§ **Saved data entries**
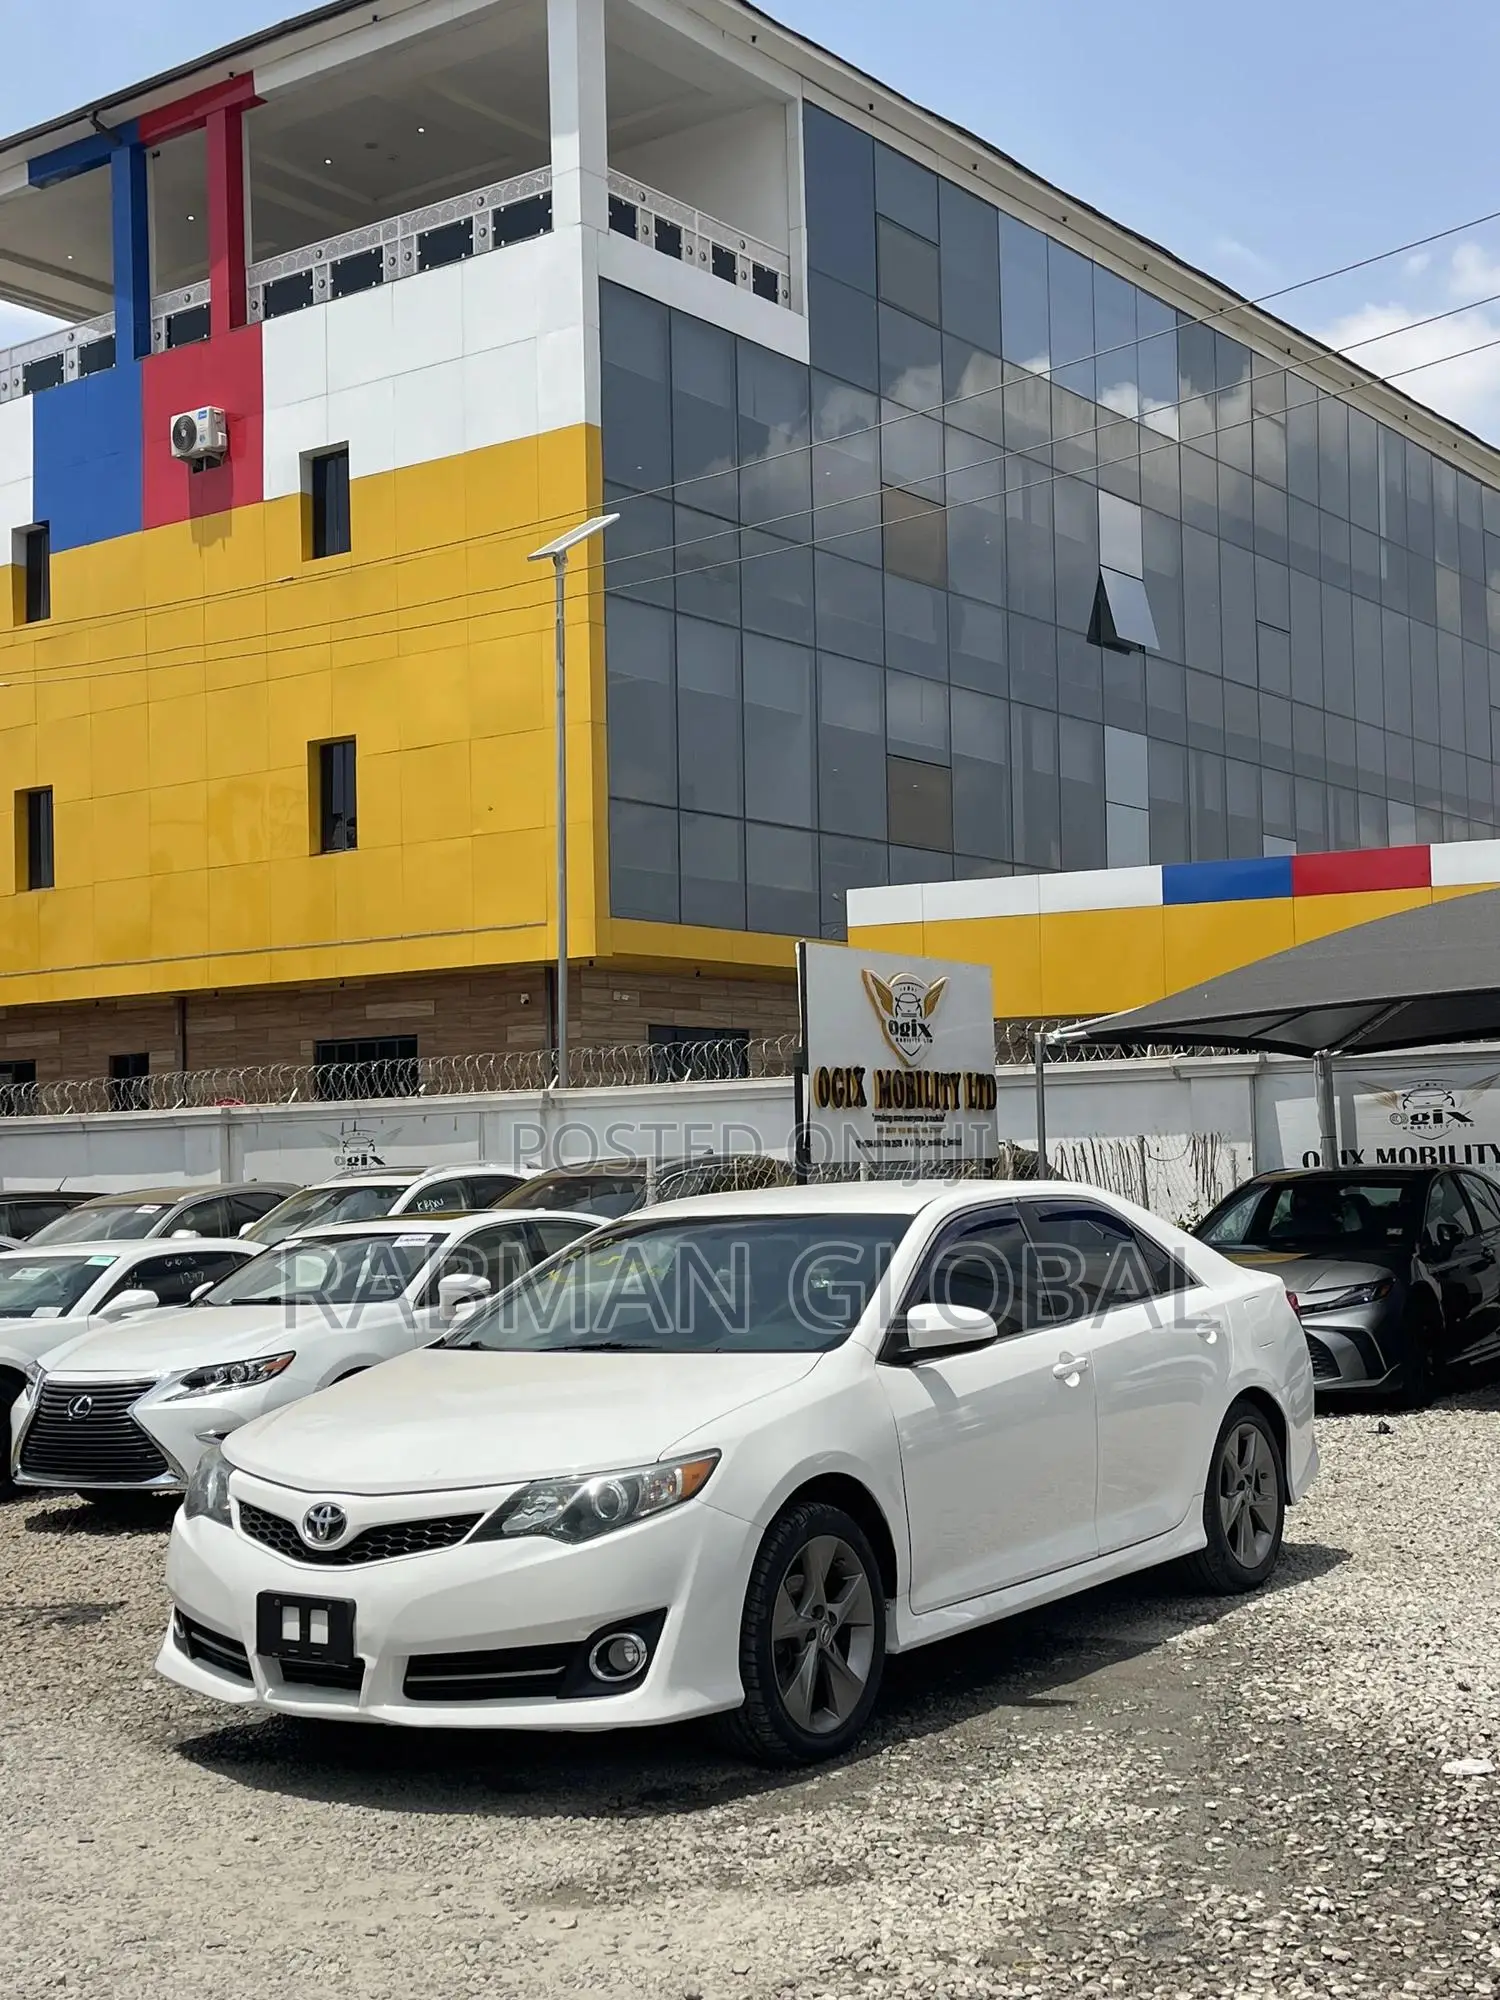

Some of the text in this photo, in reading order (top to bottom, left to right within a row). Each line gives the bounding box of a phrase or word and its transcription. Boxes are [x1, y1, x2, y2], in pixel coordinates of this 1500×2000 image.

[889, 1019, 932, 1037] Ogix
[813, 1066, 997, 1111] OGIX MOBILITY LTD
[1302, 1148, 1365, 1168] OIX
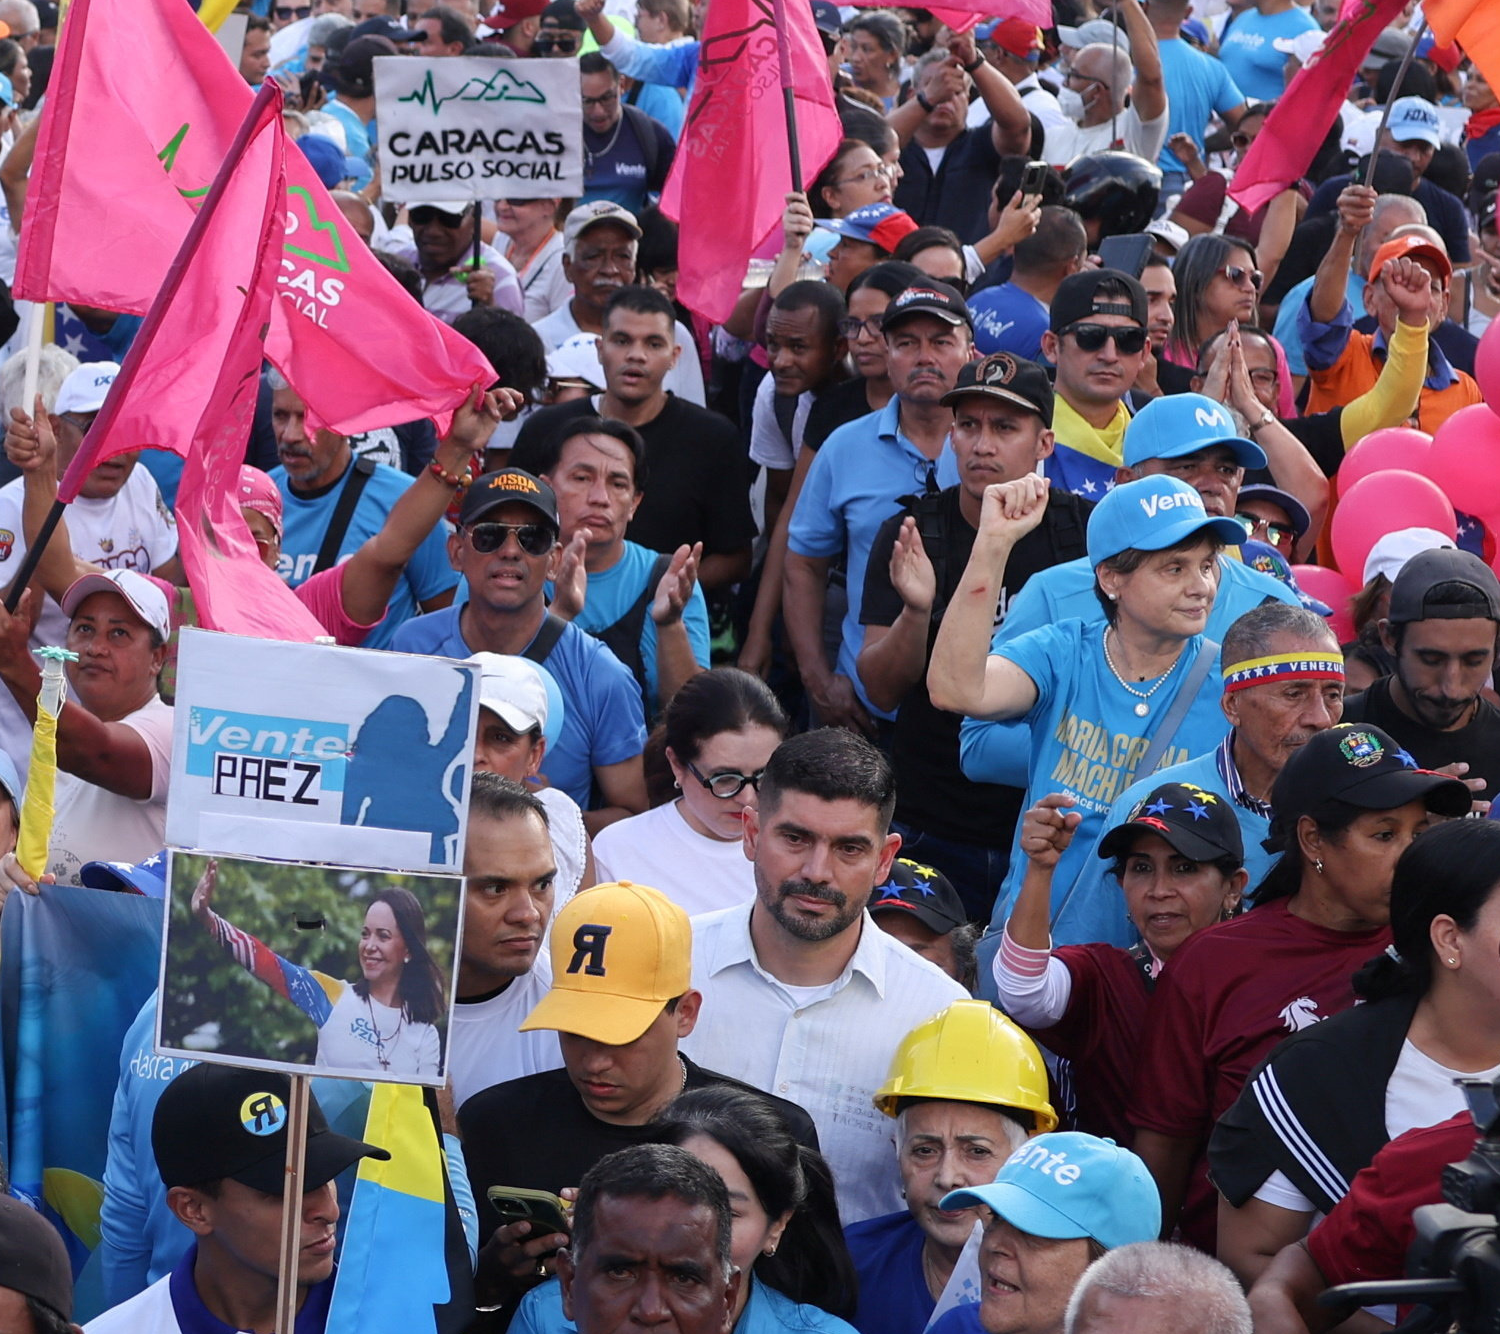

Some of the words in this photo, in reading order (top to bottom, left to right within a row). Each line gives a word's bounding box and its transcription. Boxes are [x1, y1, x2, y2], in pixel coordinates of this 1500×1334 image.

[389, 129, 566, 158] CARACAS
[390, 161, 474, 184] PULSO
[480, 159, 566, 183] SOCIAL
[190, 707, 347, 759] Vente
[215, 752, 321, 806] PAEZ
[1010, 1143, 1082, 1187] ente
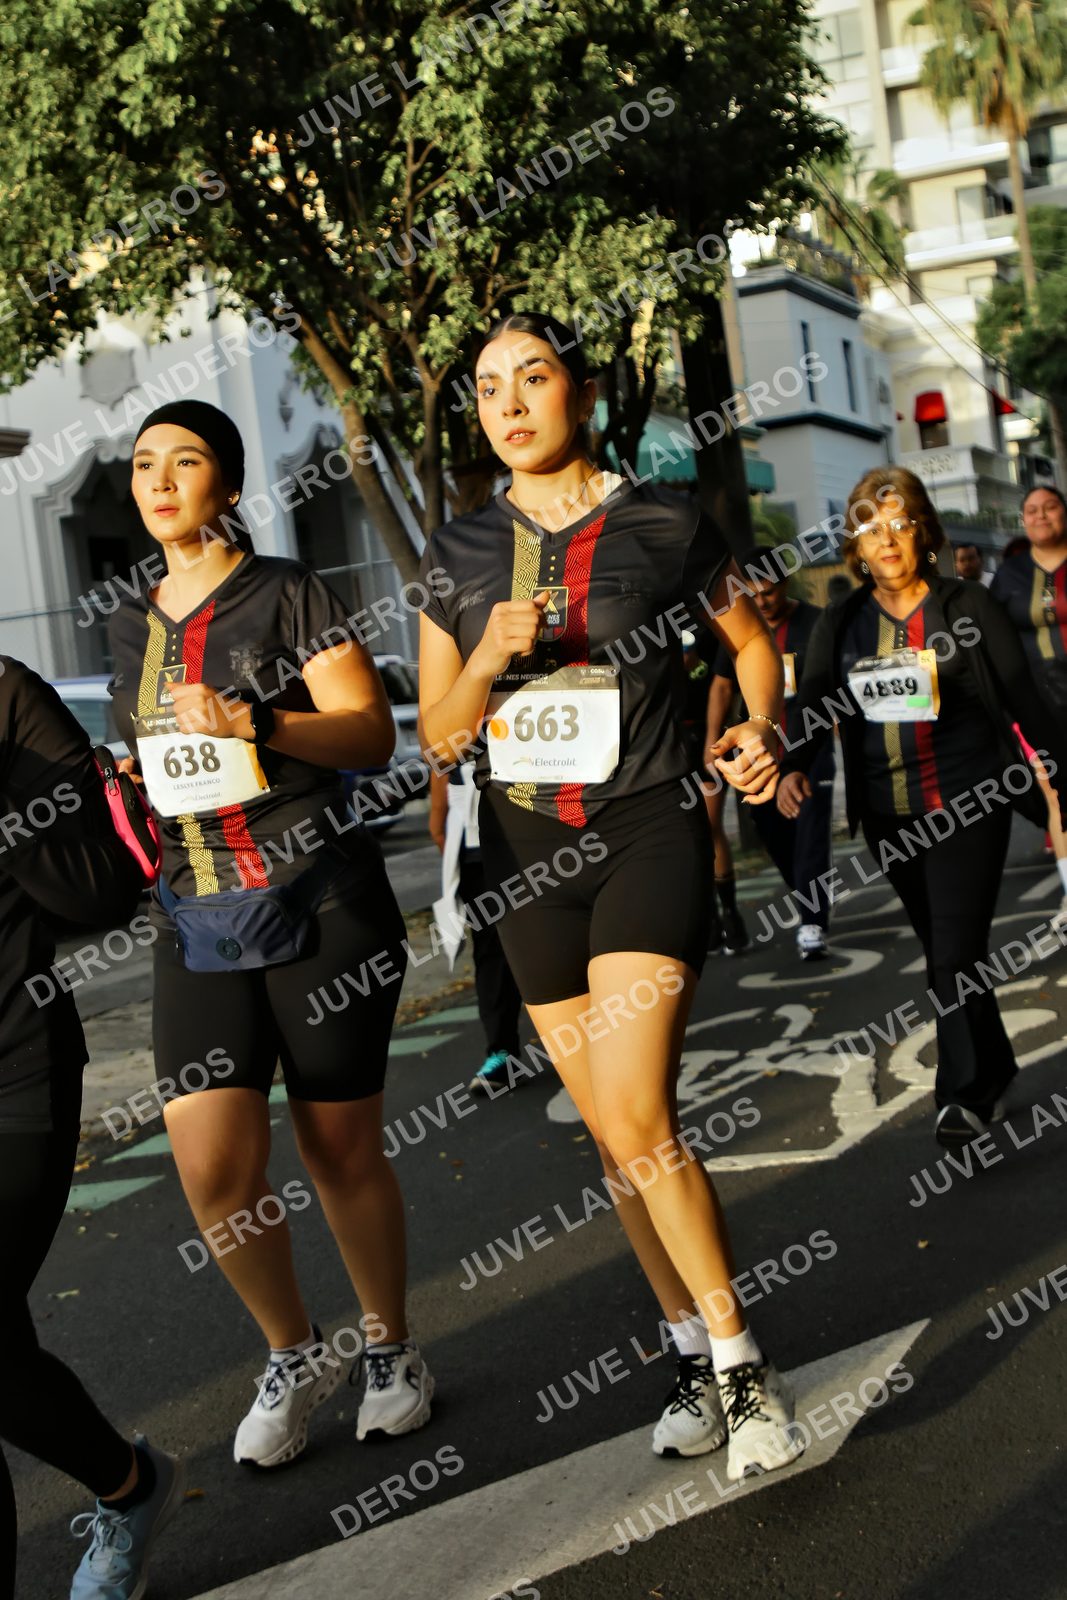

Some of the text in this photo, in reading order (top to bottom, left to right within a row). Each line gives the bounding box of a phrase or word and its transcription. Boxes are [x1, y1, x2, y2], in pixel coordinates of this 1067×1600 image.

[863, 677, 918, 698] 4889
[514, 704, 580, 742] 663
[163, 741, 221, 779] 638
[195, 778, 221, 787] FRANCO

§ **Exercise details**
Give the entries above again word for word, without any pictures.

§ **Response for this exercise**
Some of the text in this photo, in reading order (top to bottom, left to right within a row). Each line gives the bounding box of a phrase or word and its transcription. Boxes are [x1, y1, x2, y2], in pixel coordinates of this 1500×2000 image.

[889, 1019, 932, 1037] Ogix
[813, 1066, 997, 1111] OGIX MOBILITY LTD
[1302, 1148, 1365, 1168] OIX

Some of the words in this photo, in reading order (top to bottom, left to right within a row). Each line gives a word's bounding box and its transcription. Boxes are [x1, y1, x2, y2], in pixel coordinates of this 1500×1334 image.

[389, 129, 566, 158] CARACAS
[390, 161, 474, 184] PULSO
[480, 159, 566, 183] SOCIAL
[190, 707, 347, 759] Vente
[215, 752, 321, 806] PAEZ
[1010, 1143, 1082, 1187] ente

Some of the text in this photo, in reading order (top to bottom, left to right within a row). Each line gives the bounding box of a phrase or word and its transcription. Boxes are [x1, y1, x2, y2], in pixel coordinates of this 1067×1600 image.

[863, 677, 918, 698] 4889
[514, 704, 580, 742] 663
[163, 741, 221, 779] 638
[195, 778, 221, 787] FRANCO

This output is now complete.